[Saved data entries]
[Start of Attachment]

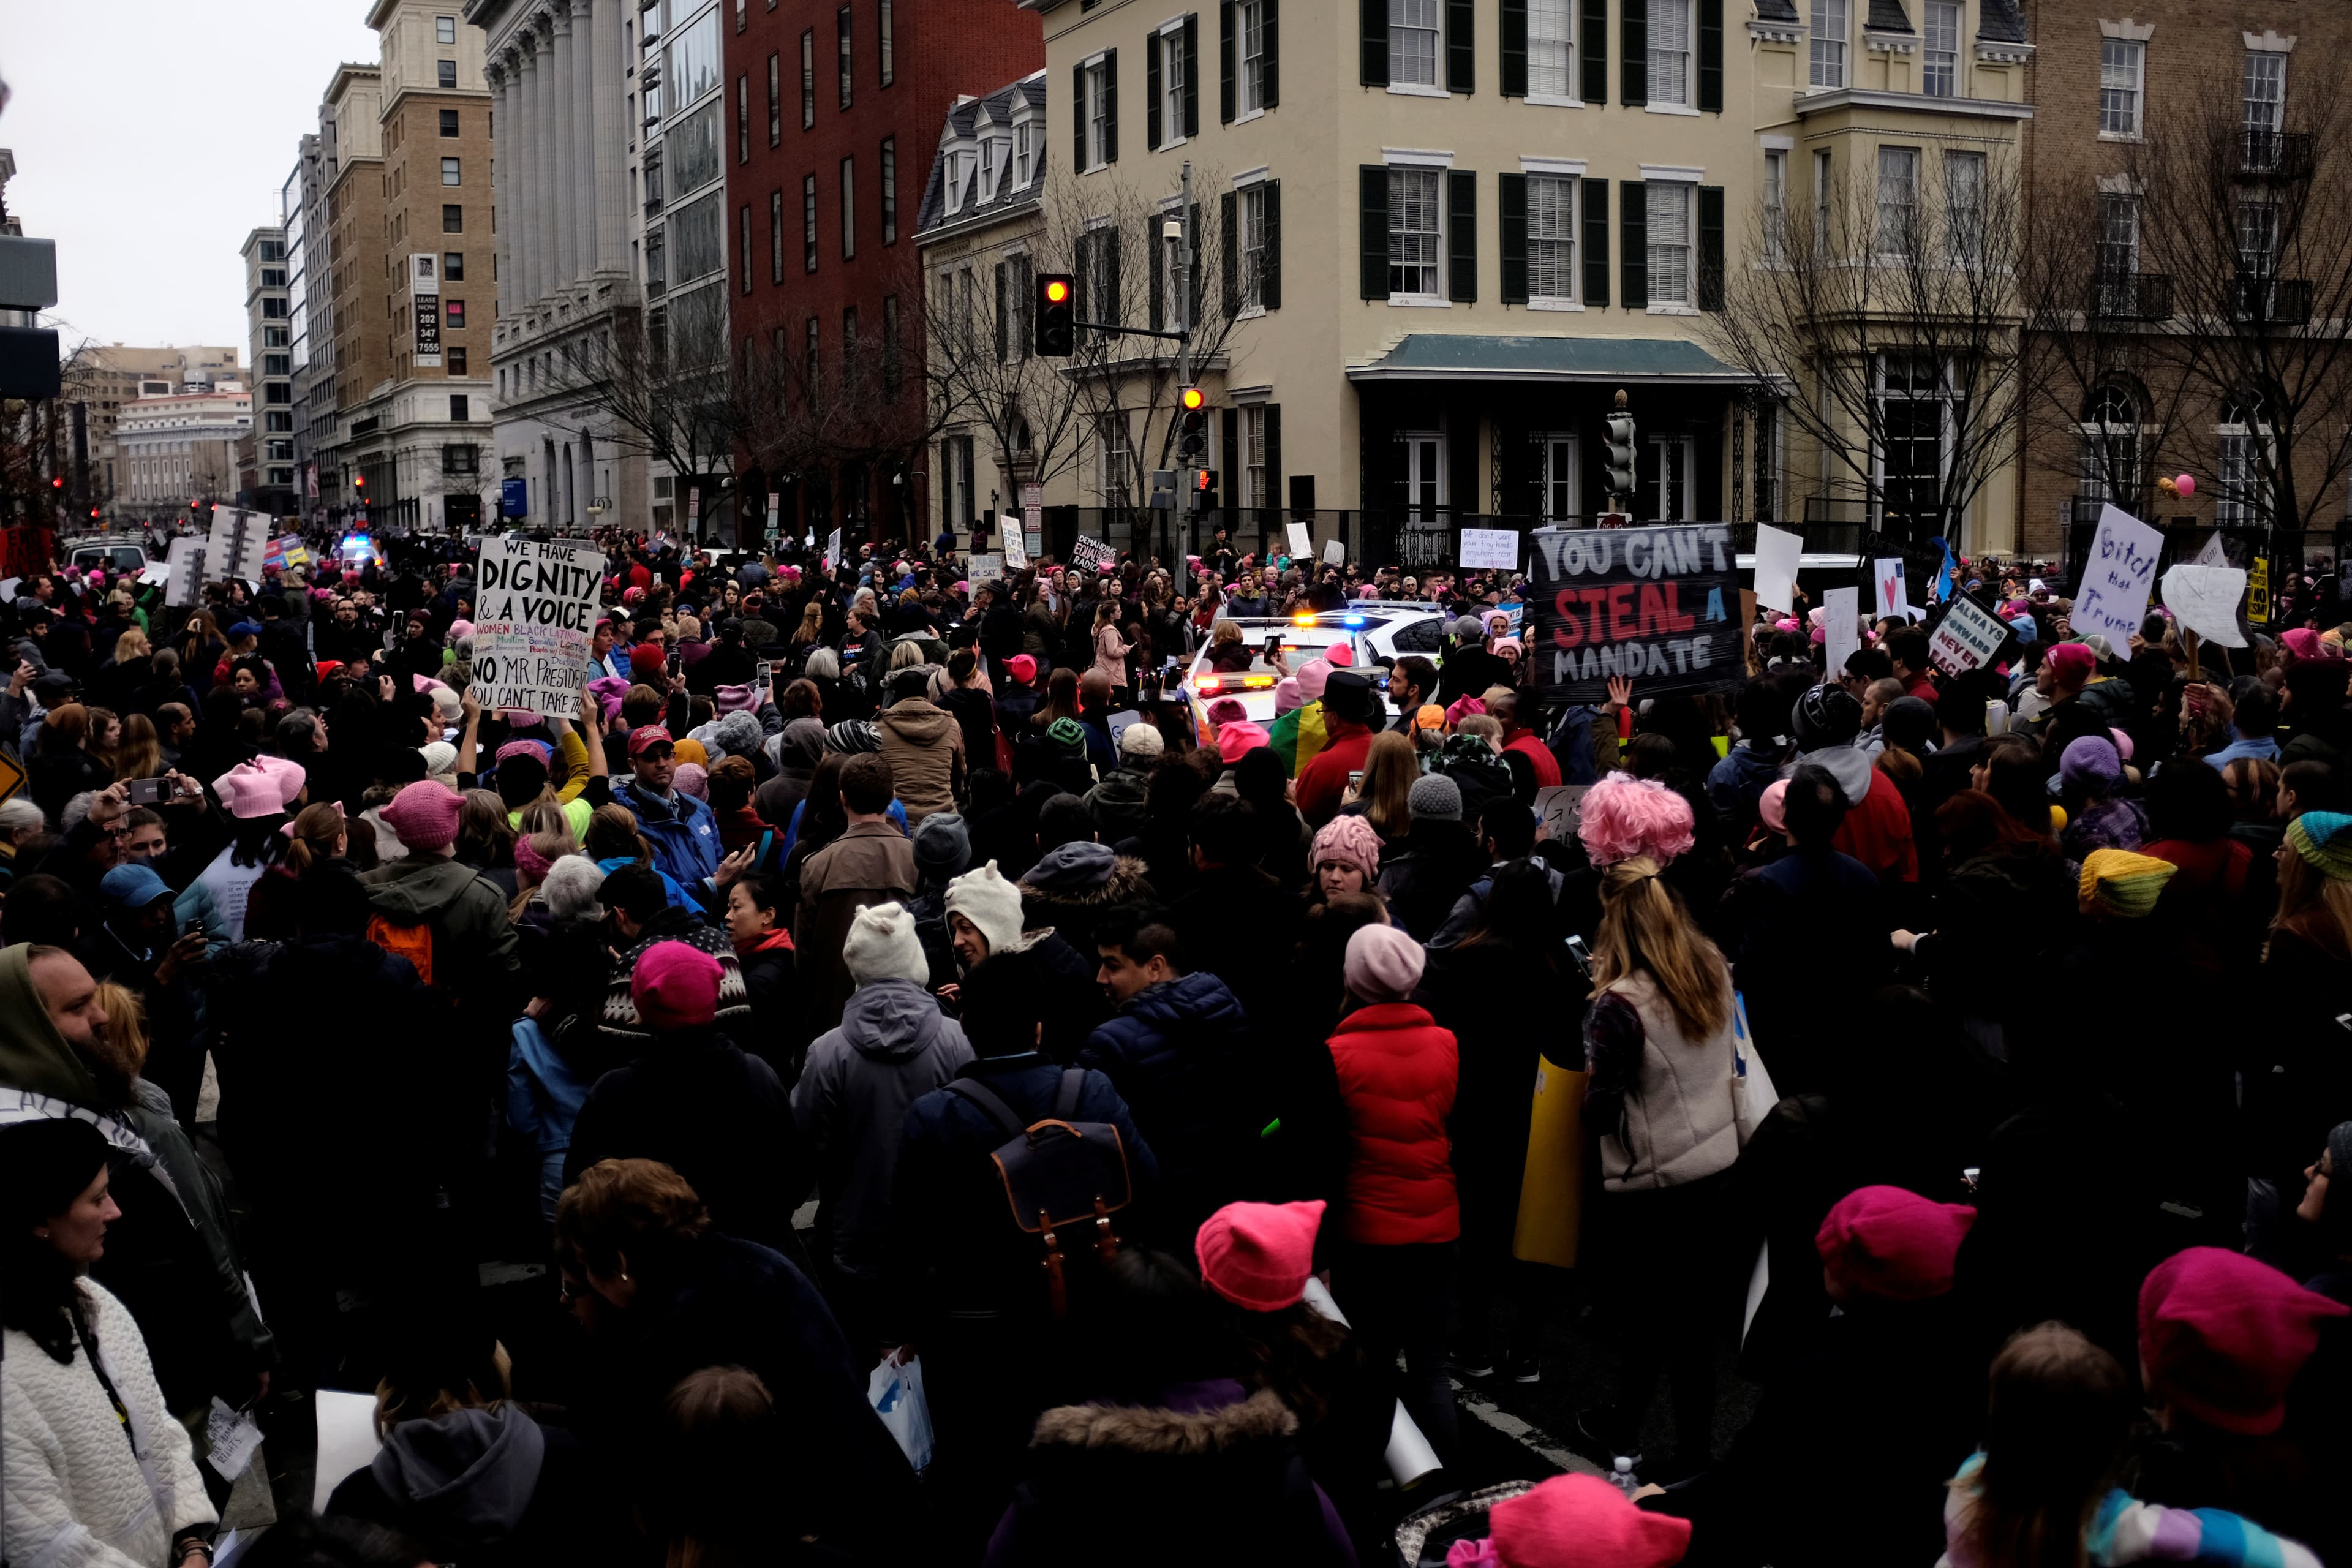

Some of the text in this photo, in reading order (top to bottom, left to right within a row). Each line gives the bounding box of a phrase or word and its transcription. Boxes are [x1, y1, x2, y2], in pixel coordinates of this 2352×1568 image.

[420, 314, 435, 323] 202
[420, 329, 436, 337] 347
[418, 343, 439, 352] 7555
[504, 540, 577, 562] WE HAVE
[1073, 542, 1098, 562] EQUAL
[1078, 534, 1117, 557] DEMANDING
[1466, 549, 1494, 558] anywhere
[1481, 540, 1494, 551] tiny
[1495, 540, 1513, 549] hands
[1537, 527, 1730, 581] YOU CAN'T
[482, 558, 602, 600] DIGNITY
[2107, 571, 2130, 593] that
[2253, 587, 2266, 603] NO
[478, 595, 593, 633] & A VOICE
[1553, 581, 1728, 648] STEAL A
[1954, 602, 2004, 641] ALWAYS
[2082, 586, 2137, 639] Trump
[476, 623, 510, 635] WOMEN
[514, 624, 546, 636] BLACK
[496, 635, 525, 644] Muslim
[1943, 614, 1991, 654] FORWARD
[529, 645, 548, 654] People
[1553, 635, 1713, 685] MANDATE
[1937, 630, 1980, 668] NEVER
[470, 656, 498, 685] NO,
[497, 687, 536, 709] CAN'T
[540, 691, 568, 714] TAKE
[571, 696, 582, 715] TH
[216, 1434, 241, 1463] RIGHTS
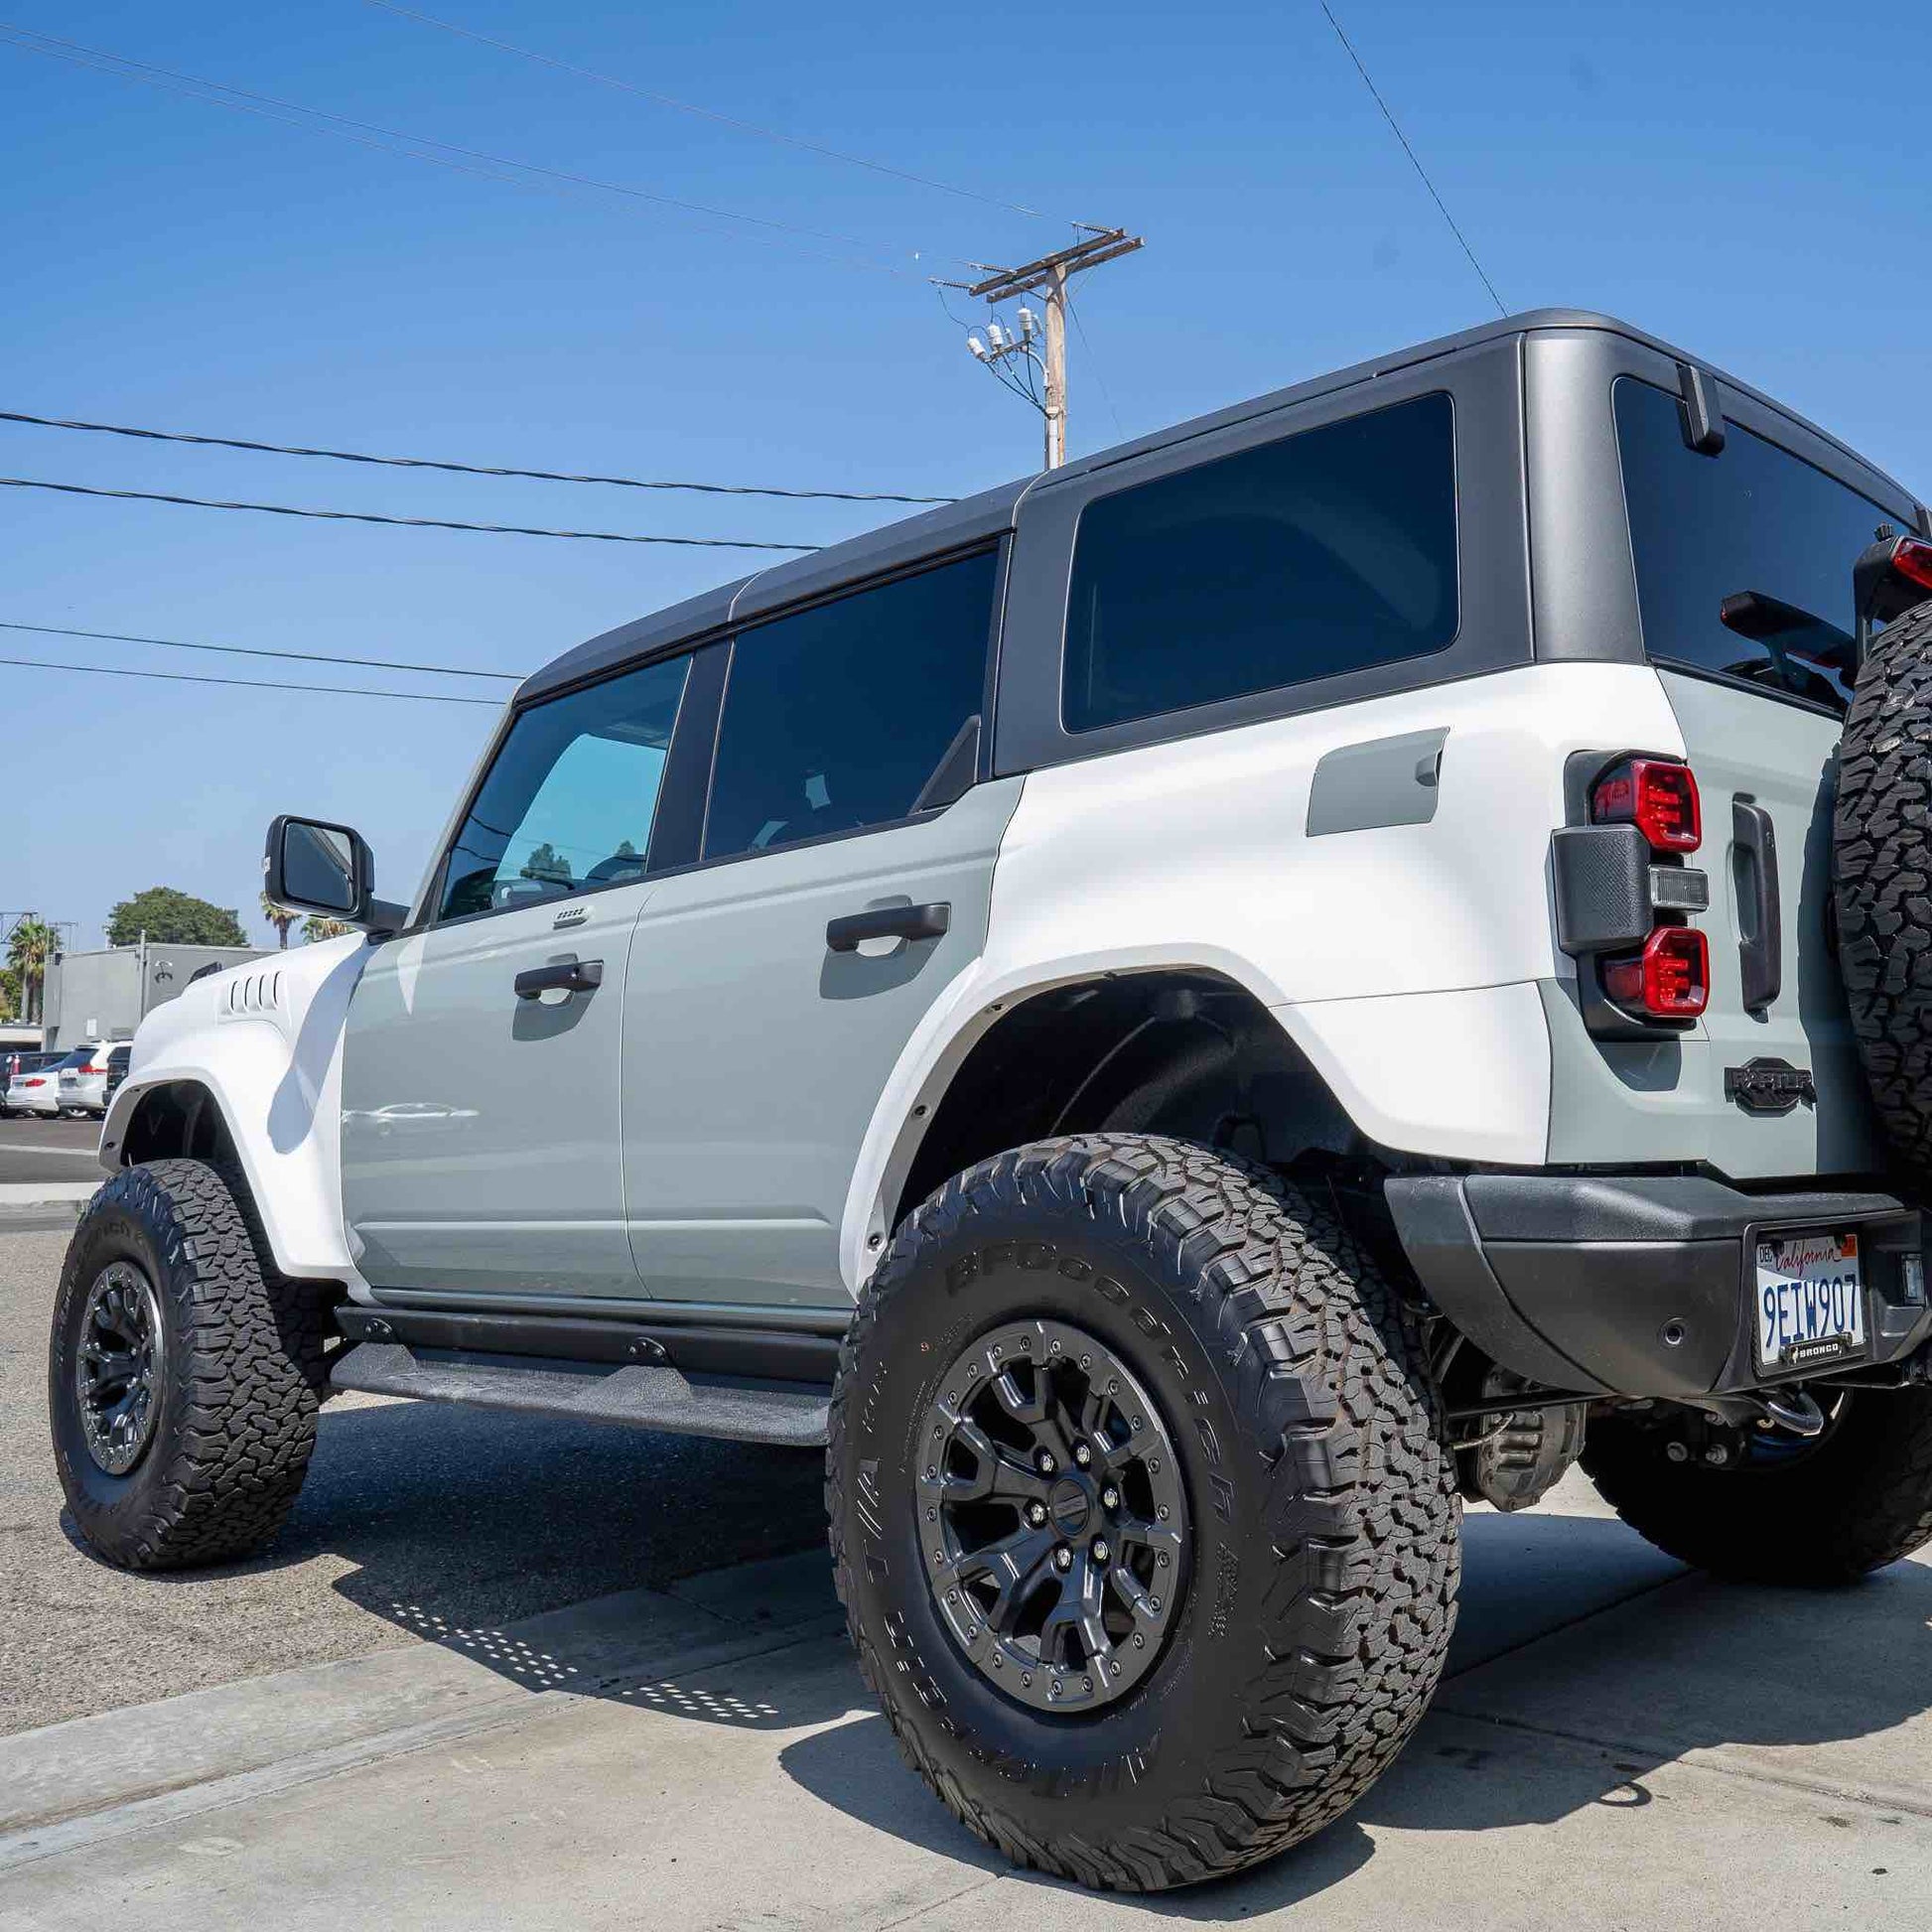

[End of Attachment]

## Task brief
Write the records out in full, word for word; leave every picture behind.

## Solved problem
Some of the text in this photo, in reading order (top to bottom, left to right within a row). Each line gives the bounding box of a phrase or word and its transcription. Boxes are [x1, y1, x2, y2], in pixel coordinates of this 2352×1568 image.

[420, 314, 435, 323] 202
[420, 329, 436, 337] 347
[418, 343, 439, 352] 7555
[504, 540, 577, 562] WE HAVE
[1073, 542, 1098, 562] EQUAL
[1078, 534, 1117, 557] DEMANDING
[1466, 549, 1494, 558] anywhere
[1481, 540, 1494, 551] tiny
[1495, 540, 1513, 549] hands
[1537, 527, 1730, 581] YOU CAN'T
[482, 558, 602, 600] DIGNITY
[2107, 571, 2130, 593] that
[2253, 587, 2266, 603] NO
[478, 595, 593, 633] & A VOICE
[1553, 581, 1728, 648] STEAL A
[1954, 602, 2004, 641] ALWAYS
[2082, 586, 2137, 639] Trump
[476, 623, 510, 635] WOMEN
[514, 624, 546, 636] BLACK
[496, 635, 525, 644] Muslim
[1943, 614, 1991, 654] FORWARD
[529, 645, 548, 654] People
[1553, 635, 1713, 685] MANDATE
[1937, 630, 1980, 668] NEVER
[470, 656, 498, 685] NO,
[497, 687, 536, 709] CAN'T
[540, 691, 568, 714] TAKE
[571, 696, 582, 715] TH
[216, 1434, 241, 1463] RIGHTS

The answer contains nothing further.